Libye, Mali, Rwanda ou encore Biafra. Autant de « crises » africaines d’hier et d’aujourd’hui gérées depuis l’Occident. Pourtant, une alternative existe : le panafricanisme. Une réponse africaine aux questions africaines.

[C’est un lieu commun]. Au chevet des crises à travers le monde se pose toujours ladite « communauté internationale ». Terme qui regroupe au fond, pour peu qu’on s’y arrête, les États occidentaux et plus précisément ceux qui sont membres permanents du Conseil de sécurité de l’ONU. Sans la Chine et la Russie, donc.

La majorité des États subissent beaucoup plus l’ordre international occidentalo-centré tel qu’il est né de la Seconde Guerre mondiale qu’ils n’y participent de façon effective. Pourtant, des ordres internationaux alternatifs ont pu émerger à travers l’Histoire, ordres normatifs et narratifs qui offraient une alternance à l’ordre international occidental.

Parmi eux, le panafricanisme, tant dans sa dynamique politique qui promeut l’indépendance totale du continent africain que dans sa dimension transnationale et civile qui prône la solidarité entre les Africains et les personnes d’ascendance africaine. Comment ce mouvement peut-il éclairer autrement les crises internationales, quelles solutions offre-t-il, quelle est sa dynamique ?

Amzat Boukari-Yabara, historien et docteur à l’École des hautes études en sciences sociales (EHESS), auteur de Nigeria (De Boeck, 2013), Mali (De Boeck, 2014) et Walter Rodney (1942-1980) : les fragments d’une histoire de la révolution africaine (Présence africaine, 2018) répond à [Ehko].

[Ehko] : Qu’est-ce que le panafricanisme ?

[Amzat Boukari-Yabara] : Le panafricanisme est un mouvement né dans un contexte précis, celui des résistances qui sont apparues au sein des populations africaines déportées et réduites en esclavage dans les Amériques sous la contrainte du colonialisme, du capitalisme et du racisme. Trois systèmes qui sont encore présents et structurent le monde actuel. Le panafricanisme serait donc une contre-histoire de l’Occident : une réparation par des populations d’origine spécifique (noires et/ou africaines) à travers des projets de libération et d’émancipation de tout ce que l’Occident a produit de dégâts humains, culturels, écologiques. Depuis deux siècles et demi, ces résistances se sont incarnées dans des projets collectifs, des projets d’unité continentale ou des projets d’État-nation. C’est donc un mouvement historique et politique qui participe des relations internationales et qui s’est institué dans des congrès.

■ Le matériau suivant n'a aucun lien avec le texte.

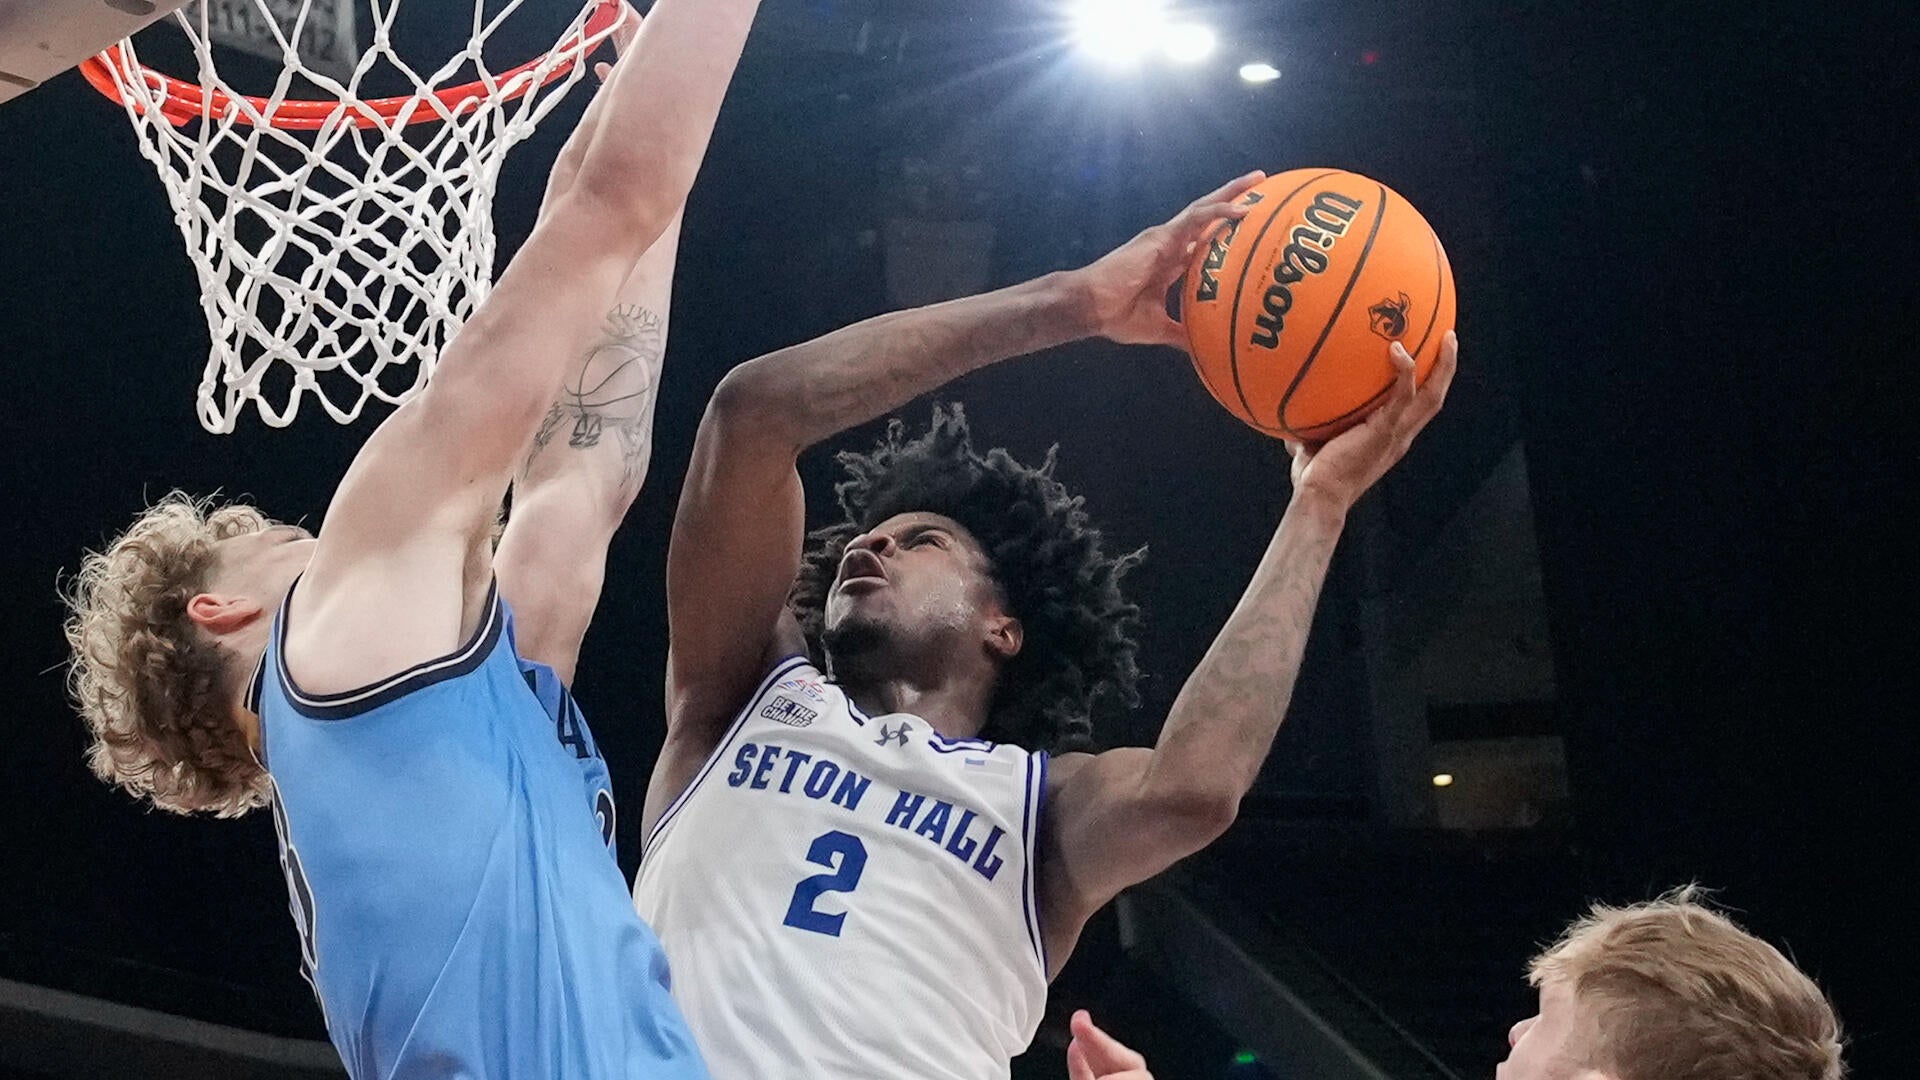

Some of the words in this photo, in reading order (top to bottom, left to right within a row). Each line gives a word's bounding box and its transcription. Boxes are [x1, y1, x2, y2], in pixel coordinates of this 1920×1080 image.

[1250, 190, 1365, 351] Wilson
[760, 705, 811, 727] CHANGE
[773, 695, 792, 712] BE
[791, 703, 817, 721] THE
[727, 742, 872, 811] SETON
[885, 789, 1007, 881] HALL
[783, 829, 869, 937] 2

Pourtant, ces congrès n’ont jamais été pris en compte dans la structuration de l’ordre international.

Une date marque ce mouvement de destruction par le colonialisme : 1492 avec la « découverte » des Amériques et la mise en place des hiérarchies et concepts raciaux.

Le panafricanisme est aussi un projet d’unité visant à rééquilibrer l’ordre international. Il s’est incarné dans des projets culturels, économiques, politiques et également dans des créations qui lui donnent un caractère tangible dans la diaspora et sur le continent. Le panafricanisme renvoie à tous ces espaces que l’Afrique a fécondés.

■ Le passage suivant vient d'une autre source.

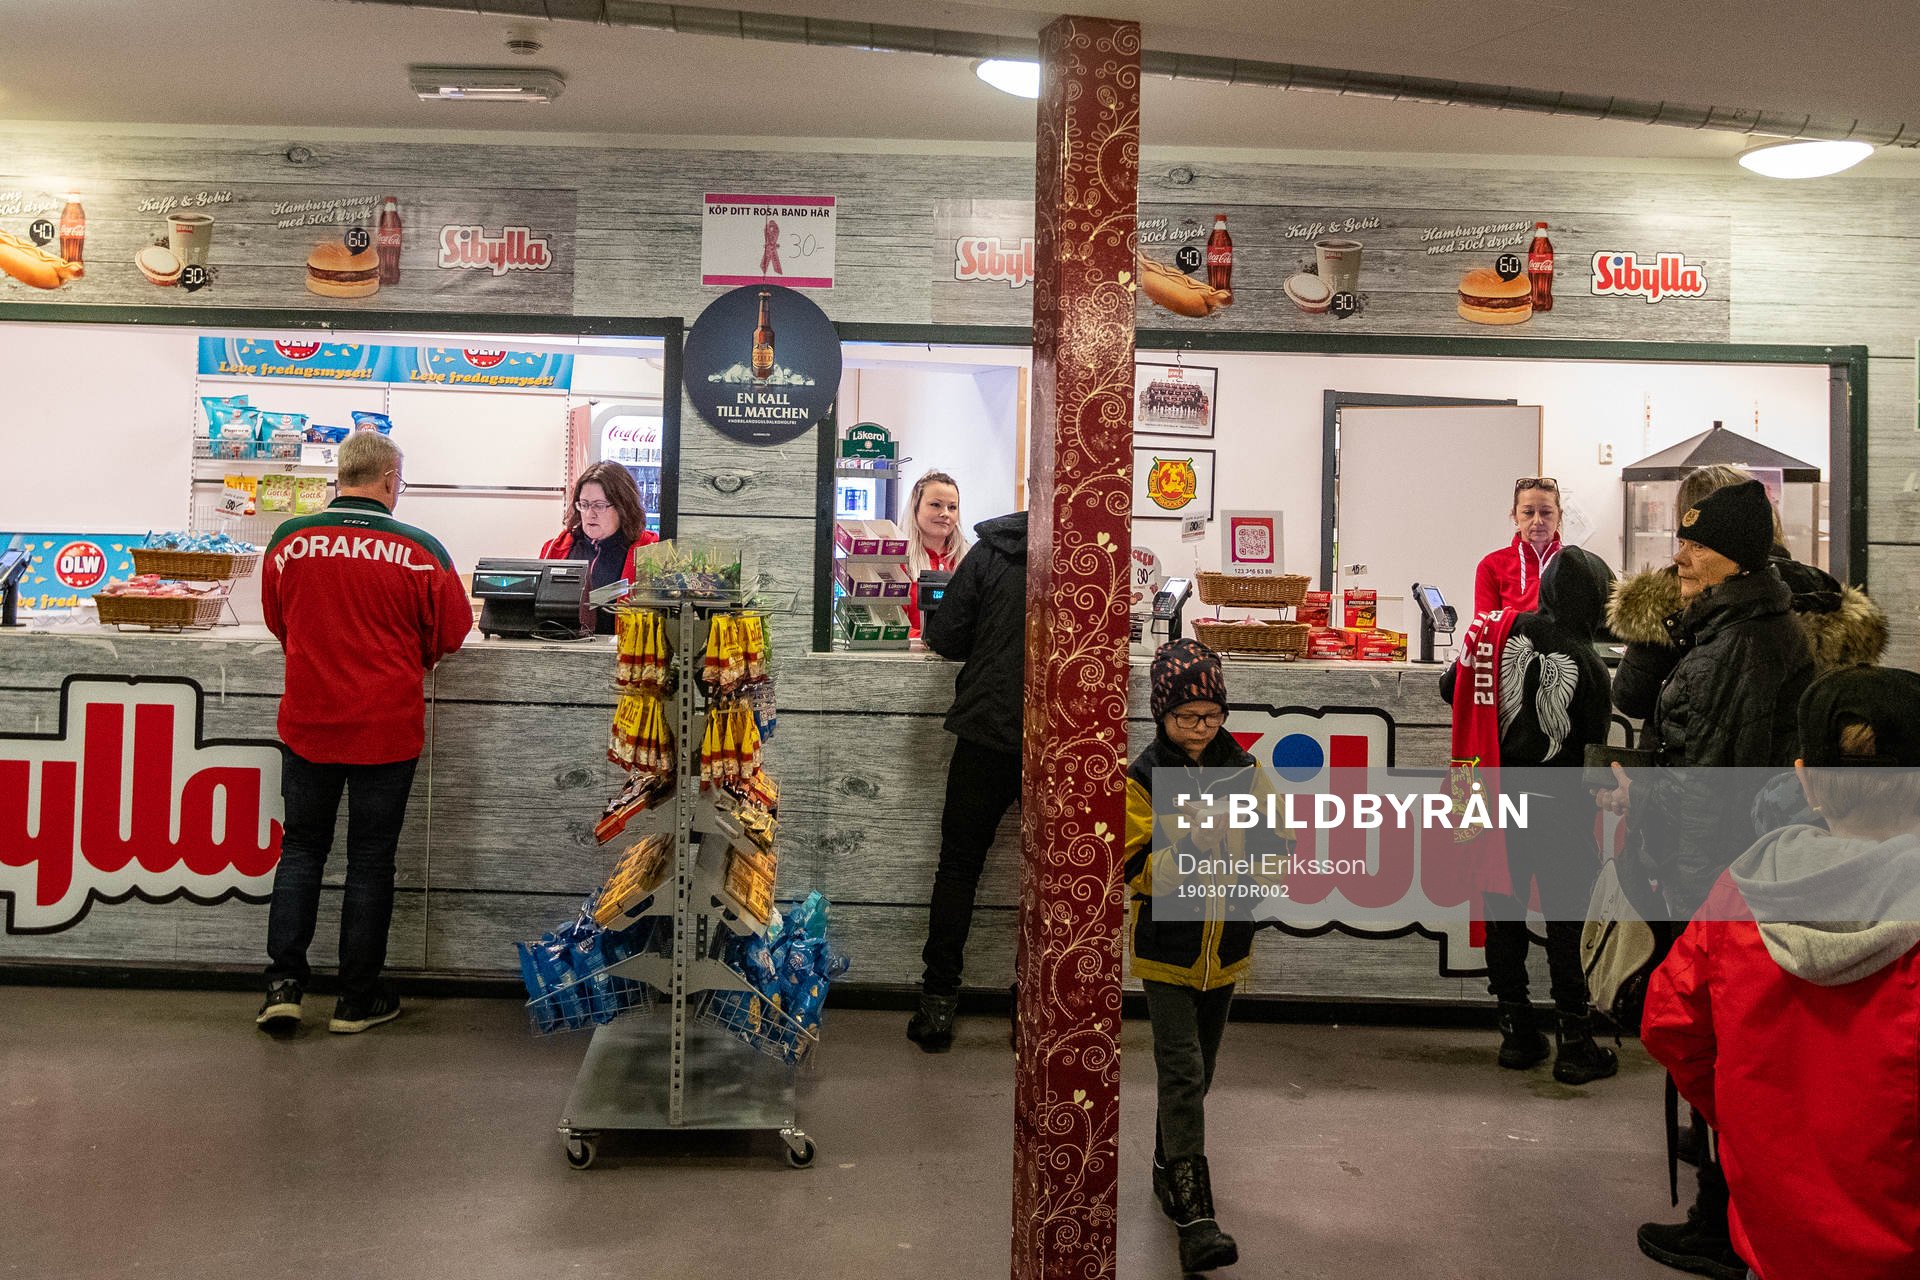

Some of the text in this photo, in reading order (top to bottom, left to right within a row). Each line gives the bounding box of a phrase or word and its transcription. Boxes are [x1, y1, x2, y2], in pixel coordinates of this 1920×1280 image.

[137, 191, 232, 215] Kaffe & Gobit
[271, 194, 381, 216] Hamburgermeny
[709, 205, 831, 218] KÖP DITT ROSA BAND HÄR
[278, 207, 373, 230] med 50cl dryck
[33, 223, 53, 240] 40
[1140, 224, 1206, 244] 50cl dryck
[1284, 217, 1381, 241] Kaffe & Gobit
[1420, 219, 1532, 241] Hamburgermeny
[348, 231, 367, 247] 60
[1427, 232, 1524, 255] med 50cl dryck
[441, 228, 549, 272] Sibylla
[1180, 250, 1200, 266] 40
[1499, 256, 1519, 273] 60
[185, 267, 204, 284] 30
[1595, 254, 1704, 299] Sibylla
[1335, 294, 1354, 310] 30
[218, 361, 374, 380] Leve fredagsmyset!
[410, 370, 554, 387] Leve fredagsmyset!
[737, 393, 791, 405] EN KALL
[716, 406, 809, 419] TILL MATCHEN
[852, 430, 885, 442] Läkerol
[60, 556, 101, 574] OLW

En quoi offre-t-il un contre-modèle au système international tel qu’il est ?

Le panafricanisme est apparu comme un grain de sable dans ce système des relations internationales. C’est la tentative de construire un ordre alternatif face au système international qui repose sur l’idée westphalienne d’États. Avec le congrès de Vienne de 1815, l’Europe met en place son système international qu’elle va étendre au reste du monde. Lors de la première conférence panafricaine qui a eu lieu à Londres en 1900, les militants essaient de coaliser Haïti, le Liberia et l’Éthiopie, qui à l’époque étaient les trois seuls États dirigés par des Noirs, pour leur demander de parler au nom de tous les Noirs qui n’avaient pas accès à un appareil d’État.

La question du panafricanisme a souvent été mise de côté car considérée comme étant de l’ordre du ressentiment. Les dirigeants qui l’ont incarnée, de Kadhafi à Sankara, pour citer deux cas assez récents, ont fini de la même manière [Ndlr. Assassinés dans des conditions encore obscures]. Leur refus de considérer l’Occident comme le centre du monde révèle une forme de blessure narcissique des Occidentaux hostiles à l’idée d’un autre monde possible. L’Occident n’aime pas qu’on lui fasse la morale et infantilise le reste du monde.

Mais le panafricanisme n’est-il pas contraint par un système international dont l’acteur principal reste l’État ?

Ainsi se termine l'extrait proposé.